WORK TO BE COMPLETED: Each line below is to be repeated exactly; any picture is to be left out.

MATERIAL TO PROCESS:
━━━━━━

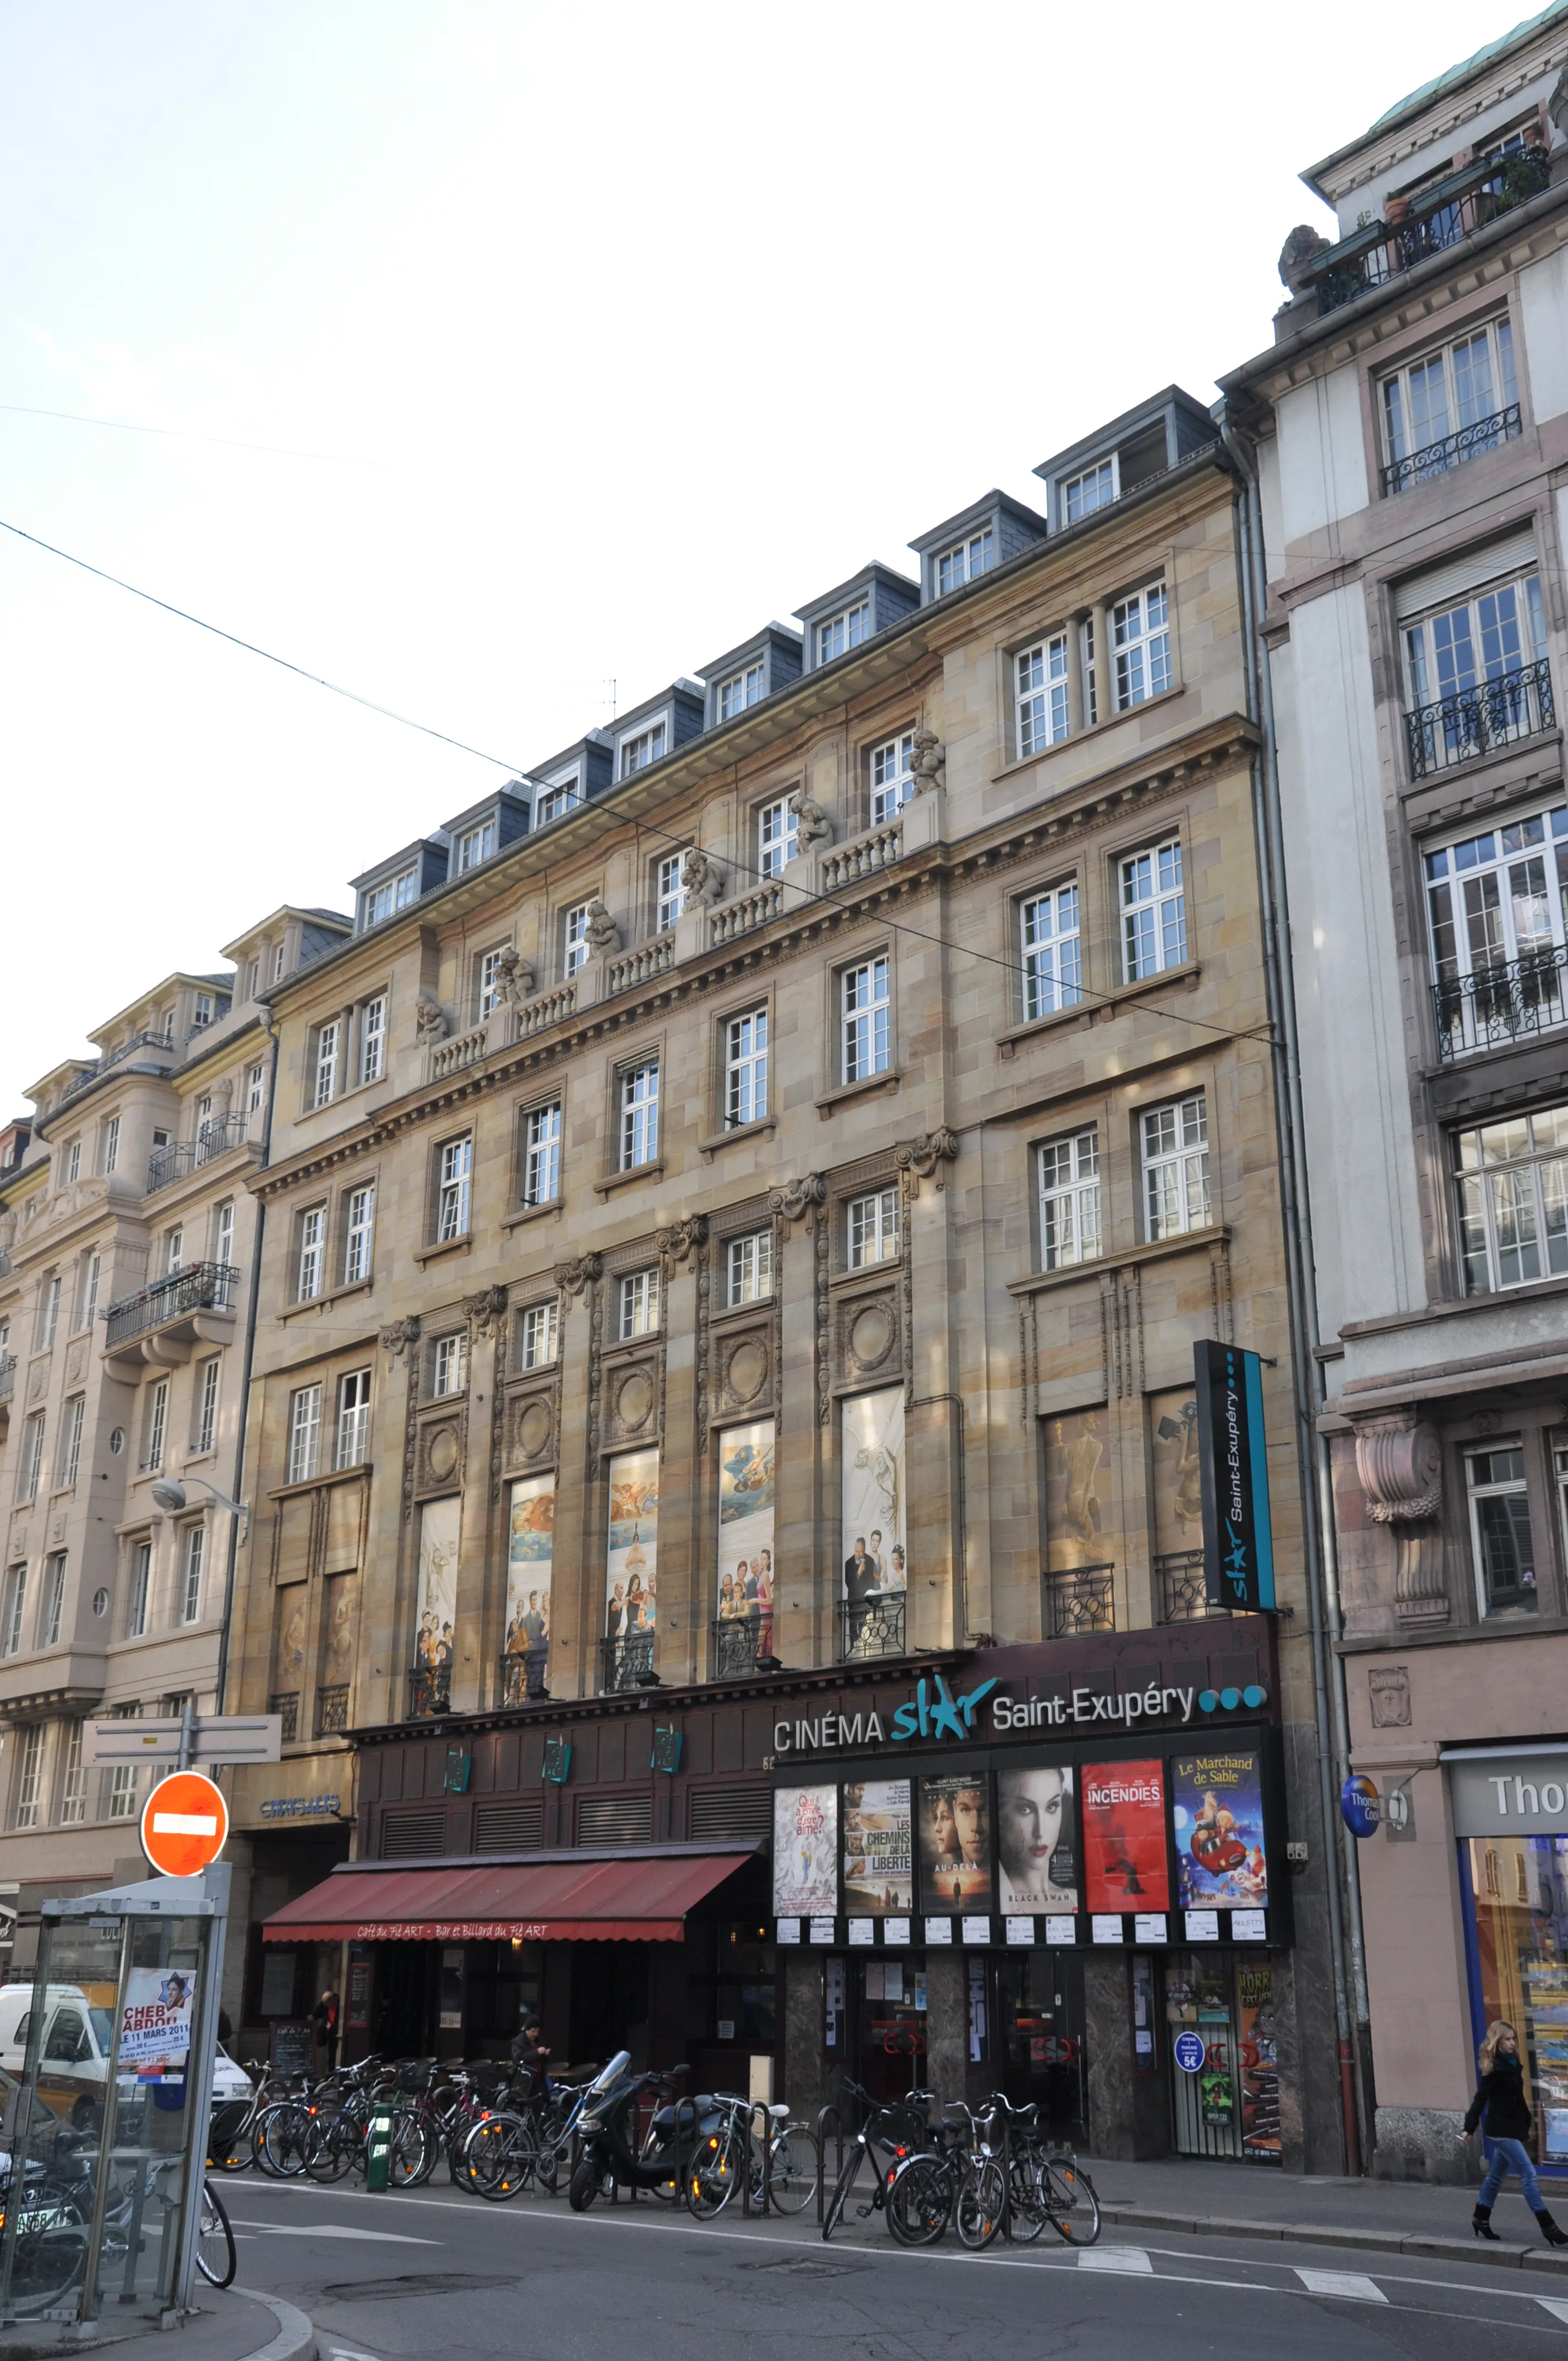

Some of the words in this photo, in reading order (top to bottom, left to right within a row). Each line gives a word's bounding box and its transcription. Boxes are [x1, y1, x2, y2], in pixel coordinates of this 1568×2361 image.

[1226, 1390, 1243, 1522] Saint-Exupéry
[774, 1710, 884, 1752] CINÉMA
[1179, 1762, 1194, 1776] Le
[1196, 1755, 1253, 1771] Marchand
[1194, 1772, 1207, 1785] de
[1210, 1770, 1238, 1783] Sable
[799, 1795, 814, 1808] Qui
[1088, 1786, 1160, 1804] INCENDIES
[1489, 1776, 1568, 1814] Tho
[803, 1807, 820, 1815] envie
[897, 1820, 910, 1830] LES
[867, 1831, 910, 1846] CHEMINS
[890, 1846, 899, 1854] DE
[901, 1845, 910, 1854] LA
[358, 1924, 376, 1937] Café
[377, 1924, 386, 1936] du
[402, 1925, 424, 1936] ART
[435, 1925, 451, 1936] Bar
[453, 1926, 460, 1936] et
[462, 1923, 493, 1936] Billard
[494, 1924, 506, 1936] du
[524, 1925, 549, 1936] ART
[1233, 1919, 1264, 1927] ARRIETTY
[1239, 1971, 1272, 1995] HORR
[124, 2005, 165, 2019] CHEB
[120, 2034, 129, 2044] LE
[131, 2033, 140, 2042] 11
[144, 2028, 166, 2040] MARS
[169, 2024, 188, 2035] 2011
[1184, 2055, 1196, 2067] 5€

━━━━━━

RESULT OF THIS TASK:
Some of the words in this photo, in reading order (top to bottom, left to right within a row). Each line gives a word's bounding box and its transcription. Boxes are [x1, y1, x2, y2], in pixel coordinates of this 1568×2361 image.

[1226, 1390, 1243, 1522] Saint-Exupéry
[774, 1710, 884, 1752] CINÉMA
[1179, 1762, 1194, 1776] Le
[1196, 1755, 1253, 1771] Marchand
[1194, 1772, 1207, 1785] de
[1210, 1770, 1238, 1783] Sable
[799, 1795, 814, 1808] Qui
[1088, 1786, 1160, 1804] INCENDIES
[1489, 1776, 1568, 1814] Tho
[803, 1807, 820, 1815] envie
[897, 1820, 910, 1830] LES
[867, 1831, 910, 1846] CHEMINS
[890, 1846, 899, 1854] DE
[901, 1845, 910, 1854] LA
[358, 1924, 376, 1937] Café
[377, 1924, 386, 1936] du
[402, 1925, 424, 1936] ART
[435, 1925, 451, 1936] Bar
[453, 1926, 460, 1936] et
[462, 1923, 493, 1936] Billard
[494, 1924, 506, 1936] du
[524, 1925, 549, 1936] ART
[1233, 1919, 1264, 1927] ARRIETTY
[1239, 1971, 1272, 1995] HORR
[124, 2005, 165, 2019] CHEB
[120, 2034, 129, 2044] LE
[131, 2033, 140, 2042] 11
[144, 2028, 166, 2040] MARS
[169, 2024, 188, 2035] 2011
[1184, 2055, 1196, 2067] 5€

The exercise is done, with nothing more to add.